Je continue à me demander : pourquoi les gens qui nous trouvent pitoyables continuent à nous lire ? Ca me rappelle l’arrivée de Loft Story en France, une fille m’avait expliqué qu’elle trouvait ça « sociologiquement intéressant ». La sociologie et l’anthropologie ont bon dos, tiens ! Je me demande dans quelles mesures les gens ne nous crachent pas sur la gueule parce qu’au fond, ils nous envient et ça leur fait mal au cul de pas pouvoir vivre comme nous. Ici, il n’est pas question de moyen. Quand on sort, avec Gauthier, on ne va pas dans des restos à 50 euros l’entrée, on ne va pas dans les boîtes où on paye 15 euros le cocktail. Non, nous, notre boîte de prédilection est petite et chaleureuse, il n’y a pas de people et on s’en fout bien. Parfois, nos sorties se font chez les uns ou chez les autres, on dîne, on discute, on rigole. Comme n’importe qui.

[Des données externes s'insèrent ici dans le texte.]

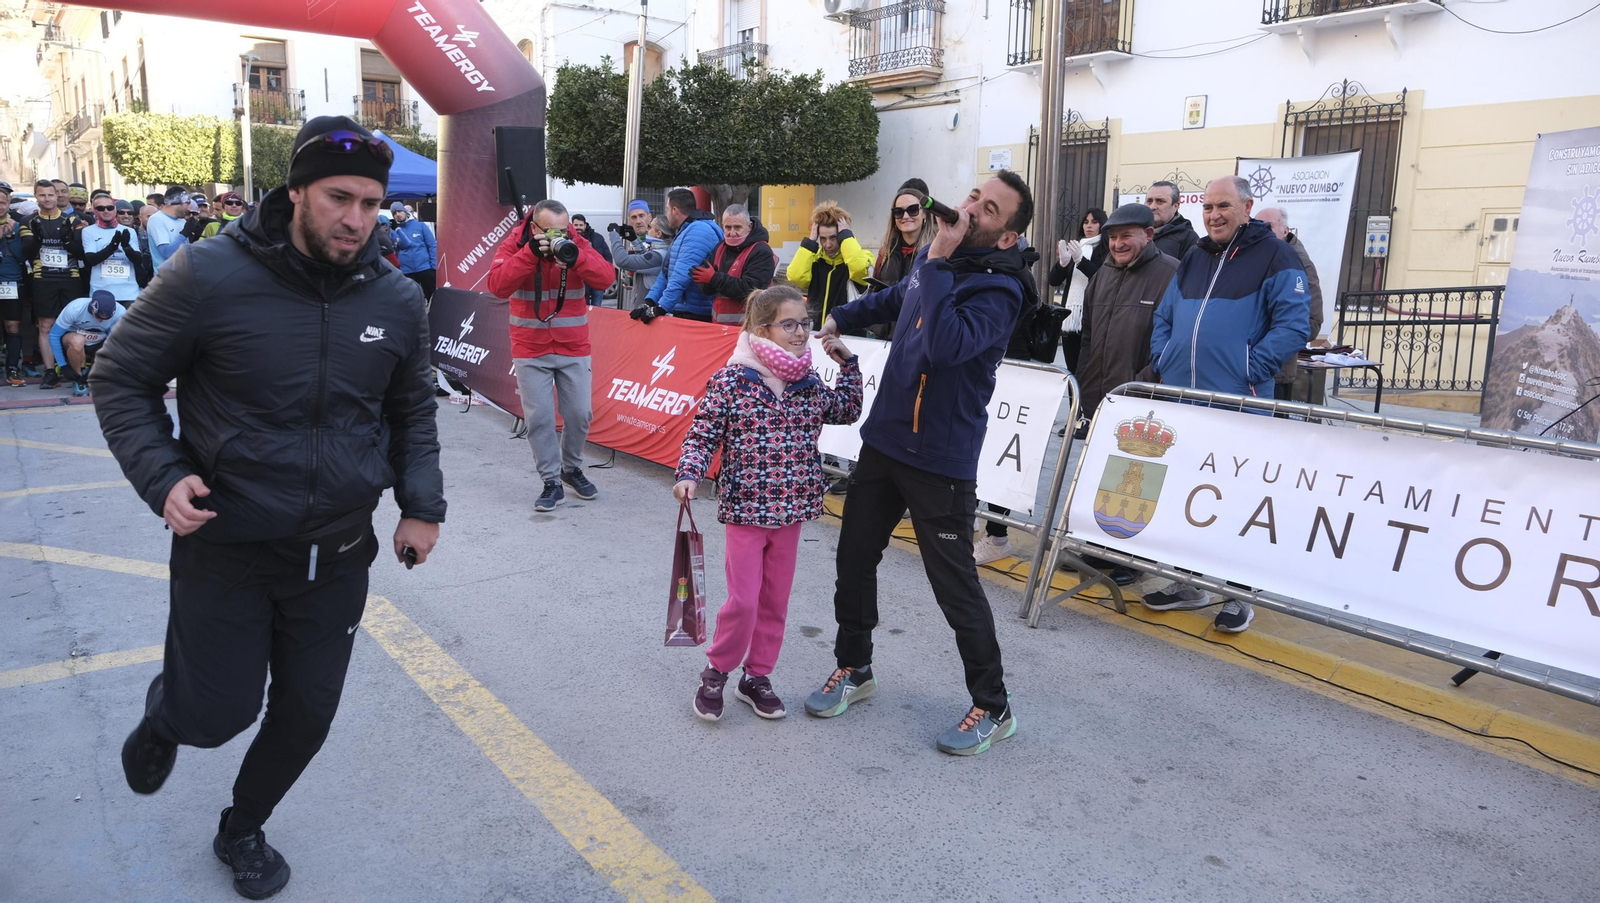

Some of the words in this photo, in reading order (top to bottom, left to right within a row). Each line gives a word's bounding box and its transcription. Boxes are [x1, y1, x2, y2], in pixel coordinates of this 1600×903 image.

[407, 0, 496, 92] TEAMERGY
[45, 254, 62, 263] 313
[107, 265, 125, 275] 358
[365, 325, 386, 339] NIKE
[434, 336, 490, 365] TEAMERGY
[607, 378, 703, 417] TEAMERGY
[997, 402, 1030, 425] DE
[1199, 452, 1600, 541] AYUNTAMIENT
[1184, 483, 1600, 617] CANTOR
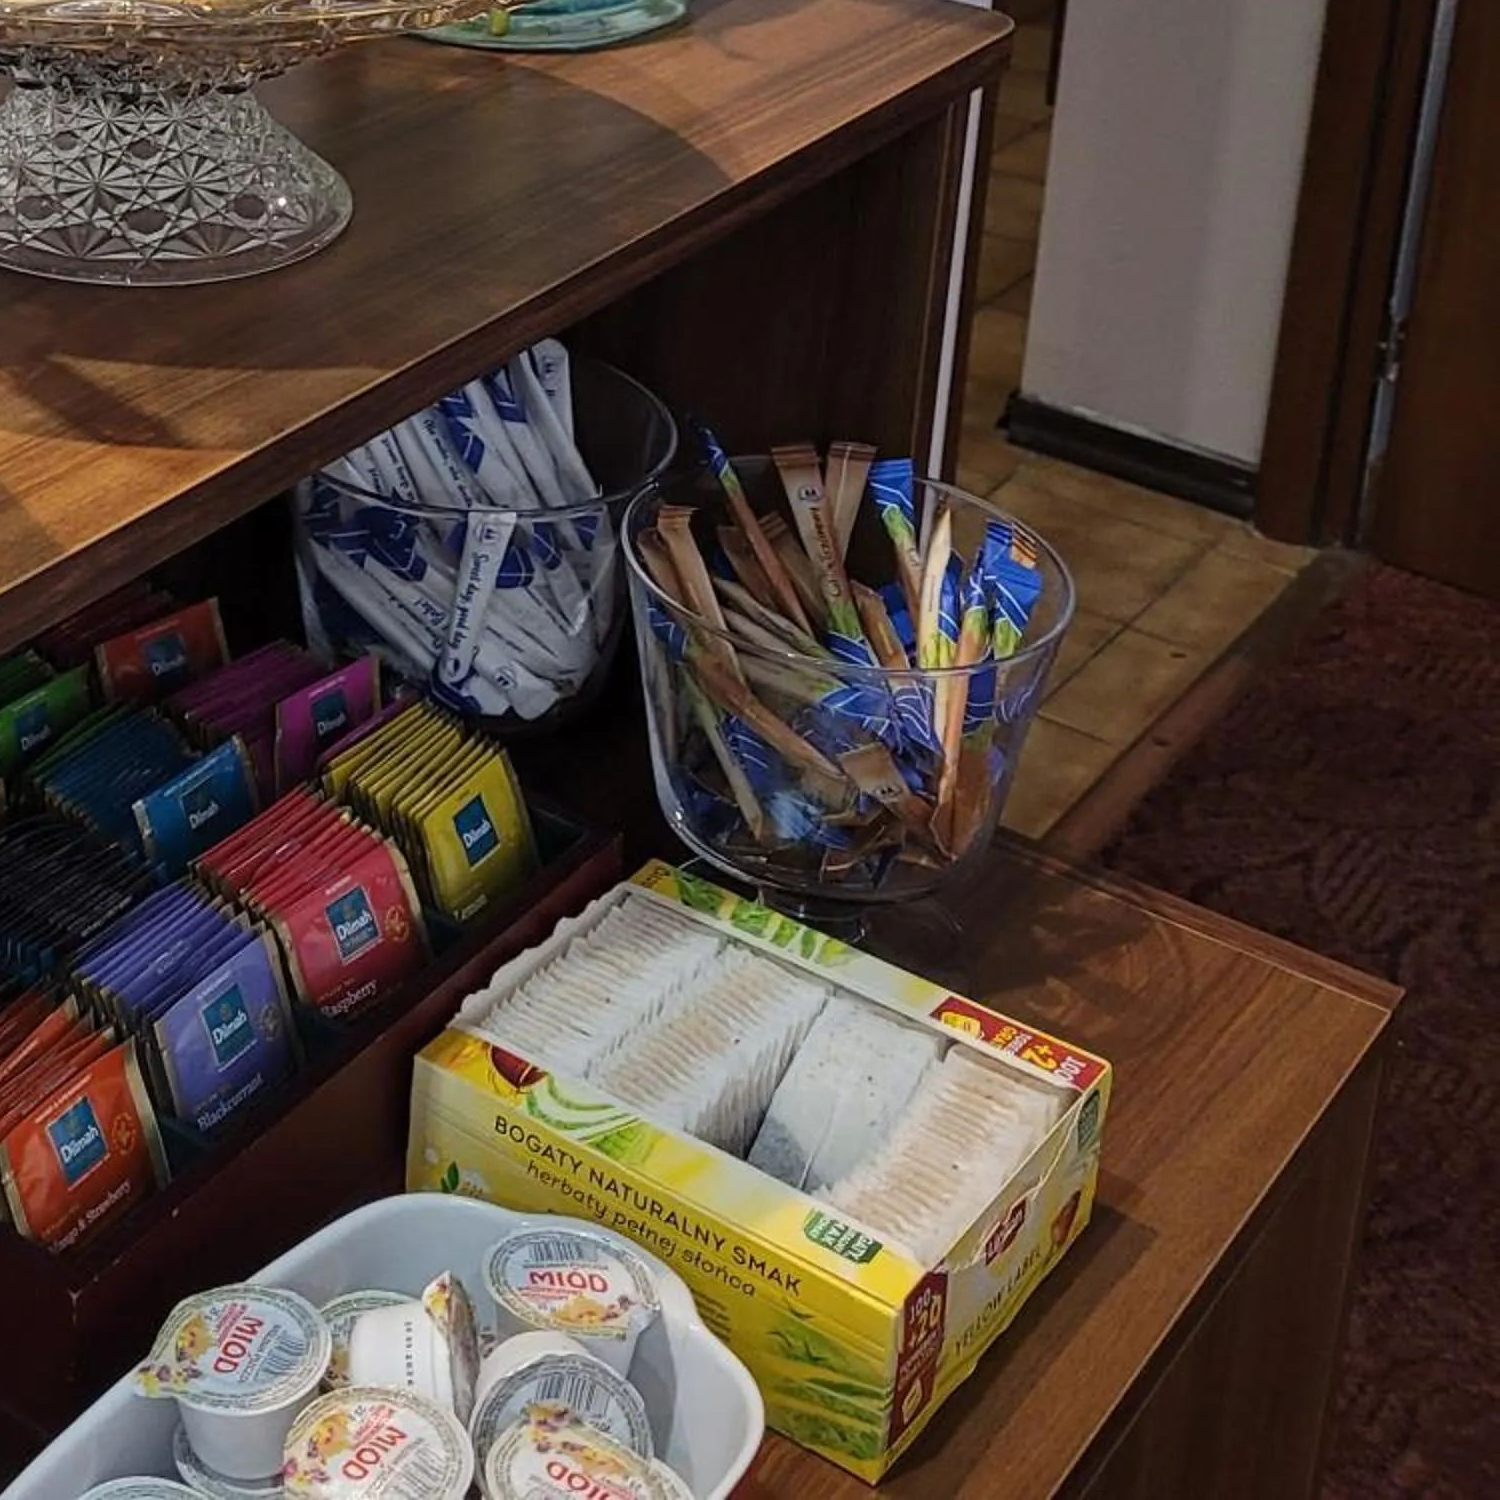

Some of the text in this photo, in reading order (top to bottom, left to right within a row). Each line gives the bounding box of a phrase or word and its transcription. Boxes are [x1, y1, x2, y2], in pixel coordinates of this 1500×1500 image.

[336, 908, 373, 941] Dilmah
[212, 1008, 248, 1045] Dilmah
[59, 1123, 100, 1163] Dilmah
[494, 1115, 804, 1296] BOGATY NATURALNY SMAK
[527, 1160, 756, 1296] herbaty pełnej słońca
[529, 1266, 609, 1293] MIÓD
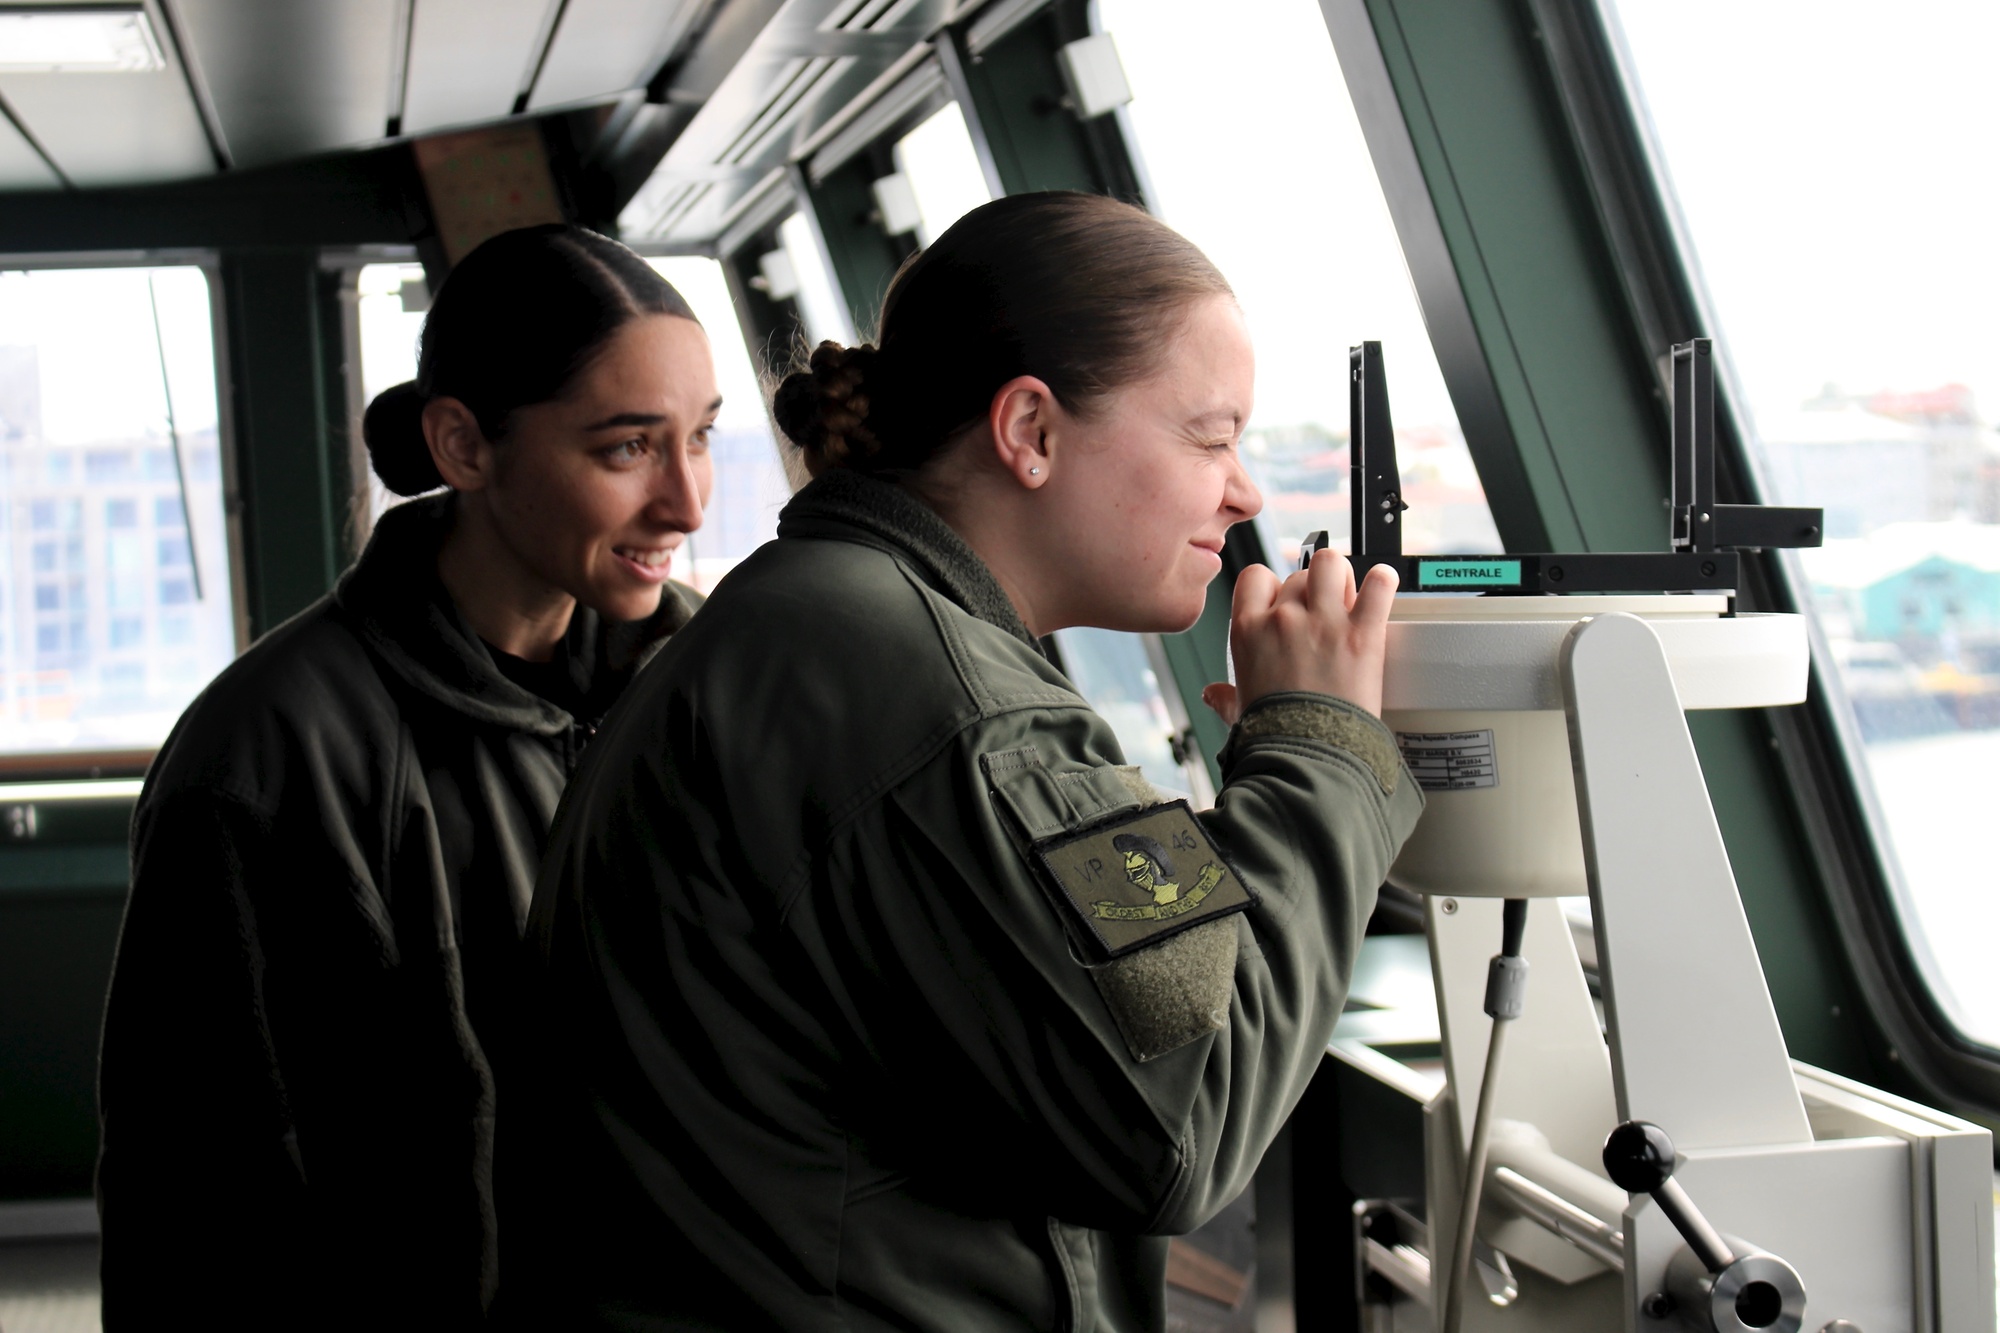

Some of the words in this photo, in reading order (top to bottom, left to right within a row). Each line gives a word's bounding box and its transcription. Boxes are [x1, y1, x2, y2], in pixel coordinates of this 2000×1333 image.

[1435, 568, 1502, 578] CENTRALE
[1450, 733, 1480, 741] Compass
[1073, 858, 1102, 883] VP
[1172, 829, 1197, 851] 46
[1105, 907, 1145, 918] OLDEST
[1159, 904, 1179, 918] AND
[1176, 898, 1194, 912] THE
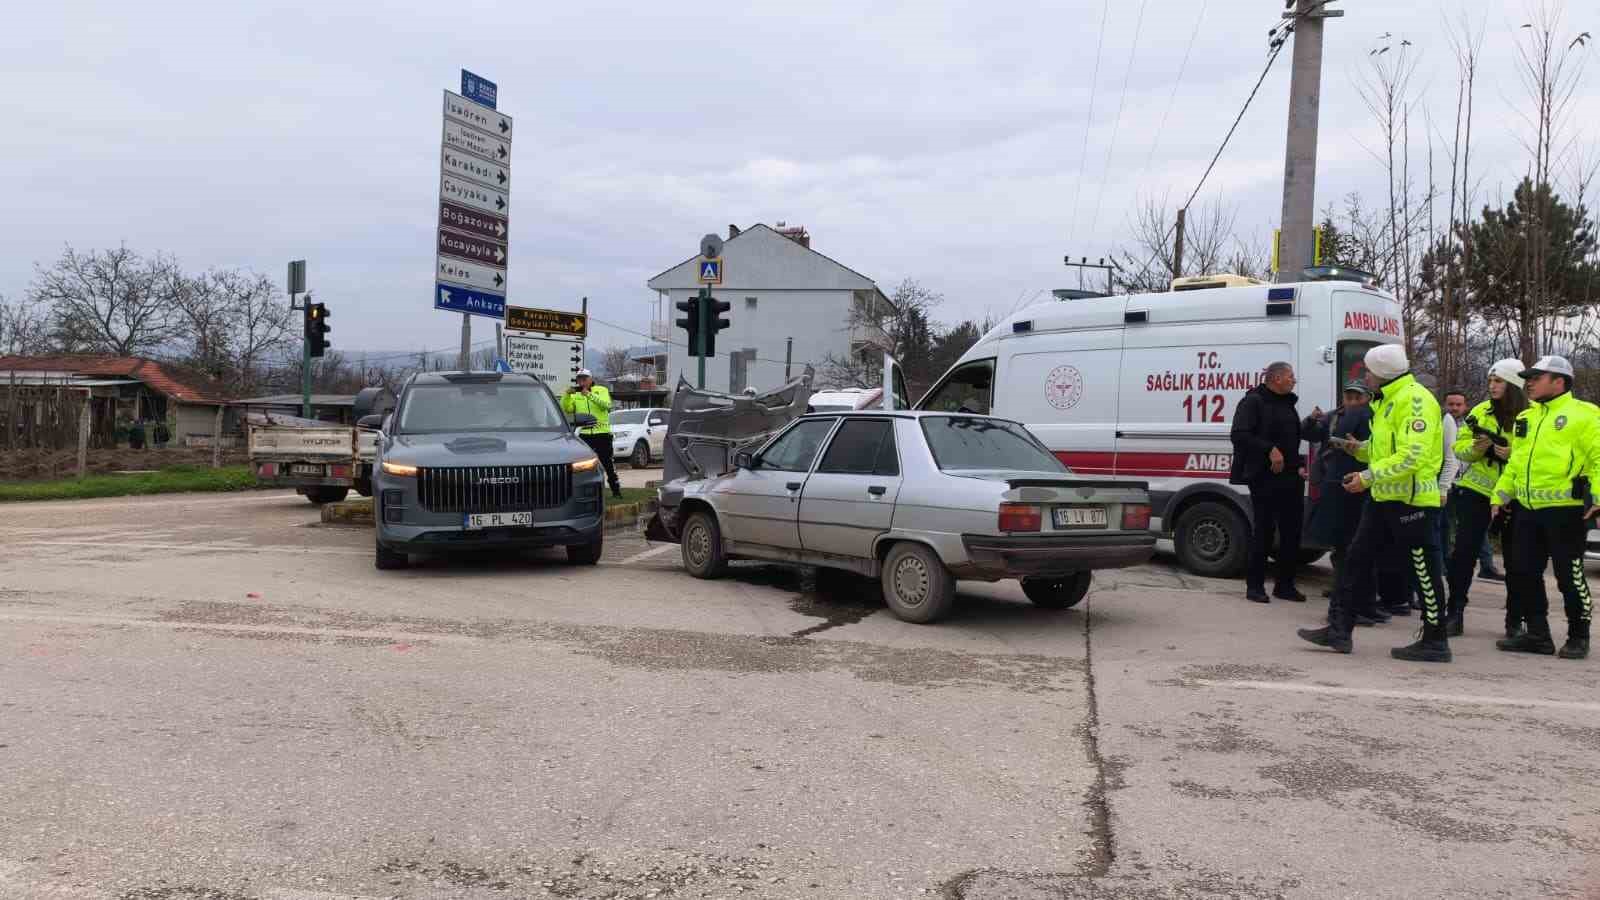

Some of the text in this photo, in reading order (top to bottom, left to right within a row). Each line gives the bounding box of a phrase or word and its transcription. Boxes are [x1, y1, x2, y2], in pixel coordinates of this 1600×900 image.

Ce qui m’amuse le plus, ce sont ceux qui critiquent le vide de nos vies. C’est sûr, leur vie doit être super pleine pour qu’ils prennent non seulement le temps de nous lire mais de cracher leur fiel sur nous. Par ailleurs, ces charmantes personnes se cachent souvent derrière des pseudos inconnus qui viennent juste nous insulter un petit coup et repartent sans demander leur reste. Mais, Seigneur, quel est donc l’intérêt ? Attention, je ne fustige pas la critique, je peux envisager qu’on ne soit pas d’accord avec nous (enfin, j’ai du mal… je plaisante !).  Ce qui me dépasse, ce sont les gens qui nous détestent tellement qu’ils viennent nous lire tous les jours et ne ratent pas une occasion de nous snipper. C’est du masochisme, à ce niveau là !


Mais je dirais plutôt que c’est de l’envie. Tout ce que nous faisons dans nos vies (pas grand-chose d’exceptionnel à mon sens), ça en démange certains. Mais notre vie est ce que nous en faisons.